----- Dataset records -----

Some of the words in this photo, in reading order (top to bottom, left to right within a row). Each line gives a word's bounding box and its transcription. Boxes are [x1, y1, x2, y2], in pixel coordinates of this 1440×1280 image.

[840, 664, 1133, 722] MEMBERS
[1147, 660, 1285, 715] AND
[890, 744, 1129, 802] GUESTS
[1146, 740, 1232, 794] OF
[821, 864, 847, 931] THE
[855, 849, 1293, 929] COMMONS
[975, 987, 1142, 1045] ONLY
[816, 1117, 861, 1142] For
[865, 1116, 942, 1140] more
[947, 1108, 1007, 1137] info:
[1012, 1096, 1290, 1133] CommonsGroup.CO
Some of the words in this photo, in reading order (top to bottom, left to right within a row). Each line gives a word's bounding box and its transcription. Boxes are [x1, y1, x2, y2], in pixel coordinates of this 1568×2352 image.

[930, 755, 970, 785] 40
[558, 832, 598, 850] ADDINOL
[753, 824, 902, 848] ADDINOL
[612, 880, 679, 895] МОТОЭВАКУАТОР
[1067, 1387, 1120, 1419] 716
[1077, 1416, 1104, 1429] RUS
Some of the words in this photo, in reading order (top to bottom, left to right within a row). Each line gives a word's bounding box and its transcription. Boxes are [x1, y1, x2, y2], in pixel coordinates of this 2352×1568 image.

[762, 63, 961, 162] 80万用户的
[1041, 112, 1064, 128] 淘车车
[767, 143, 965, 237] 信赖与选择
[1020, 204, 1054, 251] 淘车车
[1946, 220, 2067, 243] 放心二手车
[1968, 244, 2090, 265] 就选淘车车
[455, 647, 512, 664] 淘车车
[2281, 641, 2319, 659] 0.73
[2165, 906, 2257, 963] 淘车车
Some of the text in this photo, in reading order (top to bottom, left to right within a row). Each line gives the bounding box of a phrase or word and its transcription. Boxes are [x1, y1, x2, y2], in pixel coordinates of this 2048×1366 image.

-----

◆ Task to complete
Retype the whole of the listing. Nothing may be altered or omitted.

◆ The completed task
Some of the words in this photo, in reading order (top to bottom, left to right within a row). Each line gives a word's bounding box and its transcription. Boxes are [x1, y1, x2, y2], in pixel coordinates of this 1440×1280 image.

[840, 664, 1133, 722] MEMBERS
[1147, 660, 1285, 715] AND
[890, 744, 1129, 802] GUESTS
[1146, 740, 1232, 794] OF
[821, 864, 847, 931] THE
[855, 849, 1293, 929] COMMONS
[975, 987, 1142, 1045] ONLY
[816, 1117, 861, 1142] For
[865, 1116, 942, 1140] more
[947, 1108, 1007, 1137] info:
[1012, 1096, 1290, 1133] CommonsGroup.CO
Some of the words in this photo, in reading order (top to bottom, left to right within a row). Each line gives a word's bounding box and its transcription. Boxes are [x1, y1, x2, y2], in pixel coordinates of this 1568×2352 image.

[930, 755, 970, 785] 40
[558, 832, 598, 850] ADDINOL
[753, 824, 902, 848] ADDINOL
[612, 880, 679, 895] МОТОЭВАКУАТОР
[1067, 1387, 1120, 1419] 716
[1077, 1416, 1104, 1429] RUS
Some of the words in this photo, in reading order (top to bottom, left to right within a row). Each line gives a word's bounding box and its transcription. Boxes are [x1, y1, x2, y2], in pixel coordinates of this 2352×1568 image.

[762, 63, 961, 162] 80万用户的
[1041, 112, 1064, 128] 淘车车
[767, 143, 965, 237] 信赖与选择
[1020, 204, 1054, 251] 淘车车
[1946, 220, 2067, 243] 放心二手车
[1968, 244, 2090, 265] 就选淘车车
[455, 647, 512, 664] 淘车车
[2281, 641, 2319, 659] 0.73
[2165, 906, 2257, 963] 淘车车
Some of the text in this photo, in reading order (top to bottom, left to right within a row). Each line gives the bounding box of a phrase or word and its transcription. Boxes are [x1, y1, x2, y2], in pixel coordinates of this 2048×1366 image.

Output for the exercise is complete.